(Images for object localization)

--------------------

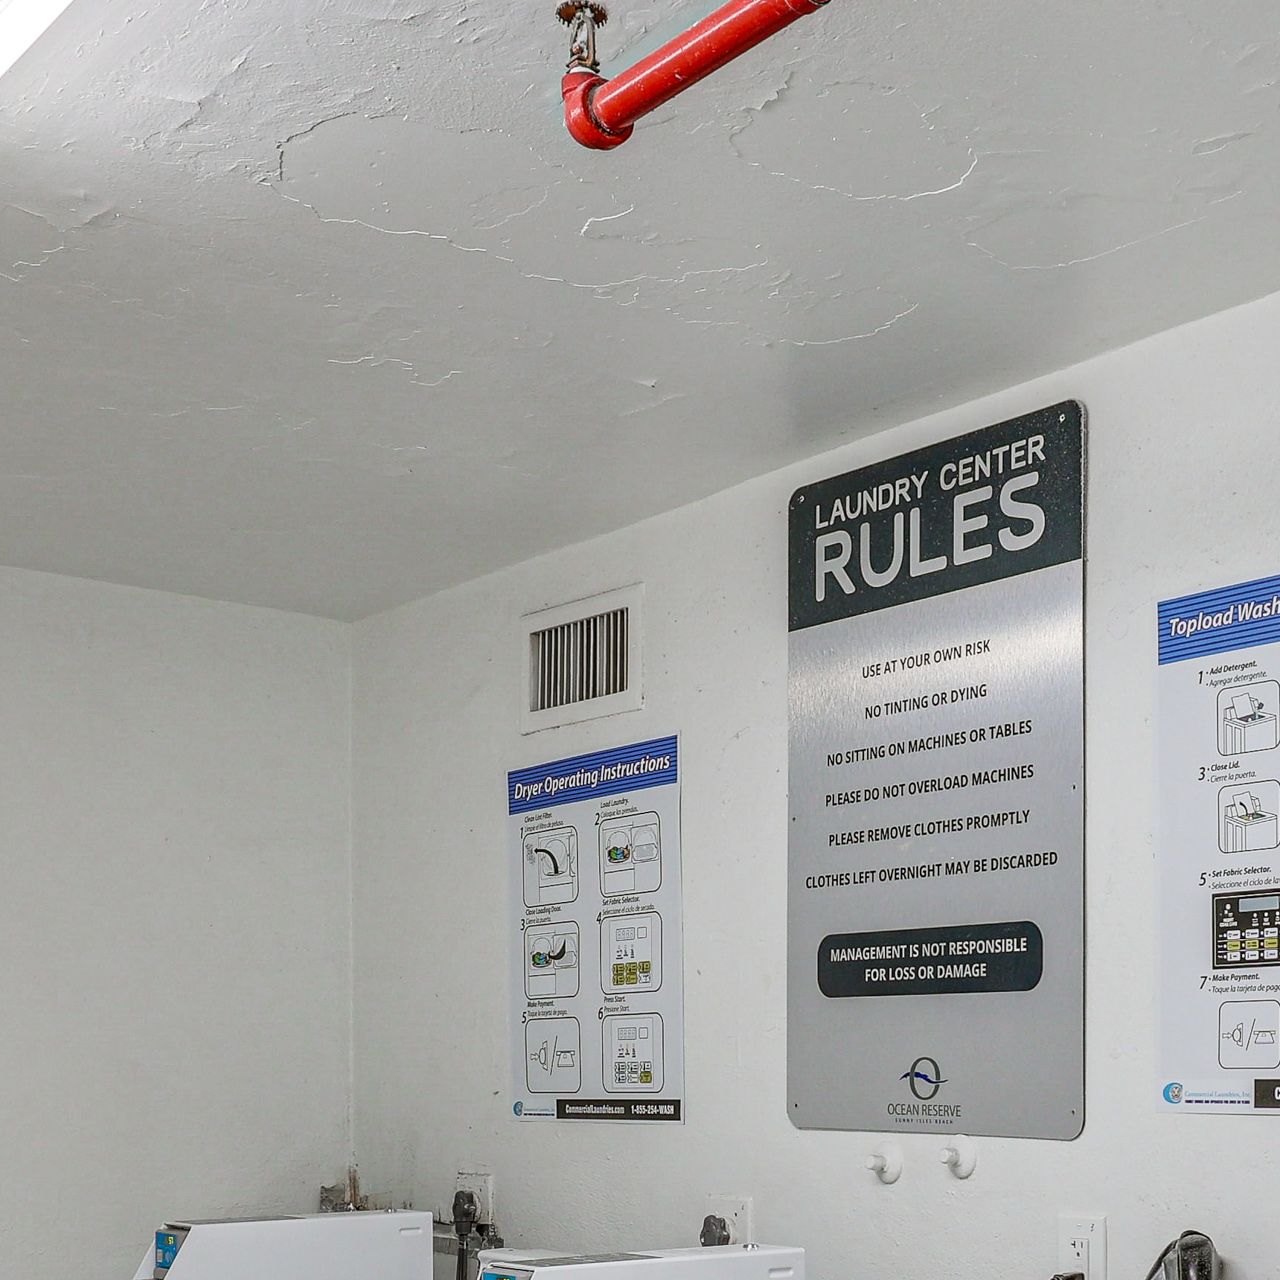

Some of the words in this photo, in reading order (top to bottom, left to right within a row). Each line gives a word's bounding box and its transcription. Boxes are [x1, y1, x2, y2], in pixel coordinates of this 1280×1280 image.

[815, 470, 929, 529] LAUNDRY
[939, 434, 1046, 491] CENTER
[815, 471, 1046, 603] RULES
[1169, 606, 1234, 637] Topload
[862, 663, 881, 678] USE
[883, 659, 897, 674] AT
[899, 653, 930, 669] YOUR
[933, 646, 961, 663] OWN
[965, 639, 990, 656] RISK
[1209, 666, 1222, 675] Add
[1223, 660, 1257, 672] Detergent.
[1198, 670, 1203, 685] 1
[865, 705, 881, 719] NO
[884, 695, 928, 714] TINTING
[931, 692, 947, 706] OR
[950, 684, 986, 702] DYING
[827, 752, 843, 766] NO
[845, 745, 885, 763] SITTING
[888, 742, 904, 756] ON
[908, 731, 966, 752] MACHINES
[969, 728, 986, 742] OR
[989, 720, 1031, 738] TABLES
[1198, 767, 1206, 781] 3
[1210, 763, 1227, 771] Close
[1228, 760, 1240, 769] Lid.
[514, 783, 544, 801] Dryer
[545, 769, 598, 793] Operating
[601, 755, 670, 780] Instructions
[825, 790, 861, 806] PLEASE
[864, 787, 879, 801] DO
[882, 783, 905, 798] NOT
[908, 775, 968, 794] OVERLOAD
[971, 765, 1033, 785] MACHINES
[829, 830, 864, 846] PLEASE
[867, 825, 911, 841] REMOVE
[914, 818, 963, 835] CLOTHES
[966, 810, 1029, 829] PROMPTLY
[805, 873, 850, 888] CLOTHES
[853, 870, 876, 884] LEFT
[878, 863, 941, 881] OVERNIGHT
[945, 860, 970, 875] MAY
[973, 858, 987, 872] BE
[990, 852, 1057, 870] DISCARDED
[1198, 872, 1207, 886] 5
[1222, 868, 1242, 876] Fabric
[1243, 866, 1271, 874] Selector.
[830, 945, 906, 961] MANAGEMENT
[909, 944, 919, 957] IS
[921, 942, 946, 956] NOT
[949, 938, 1026, 954] RESPONSIBLE
[865, 968, 886, 981] FOR
[888, 966, 915, 980] LOSS
[917, 965, 934, 979] OR
[937, 963, 986, 978] DAMAGE
[1199, 976, 1207, 990] 7
[1230, 973, 1260, 981] Payment.
[887, 1103, 919, 1115] OCEAN
[921, 1104, 961, 1117] RESERVE

--------------------

*WHAT YOU HAVE TO DO*: Exactly how many lines of the records hold "MACHINES"? Give the number without any words.

*SOLUTION TO THIS TASK*: 2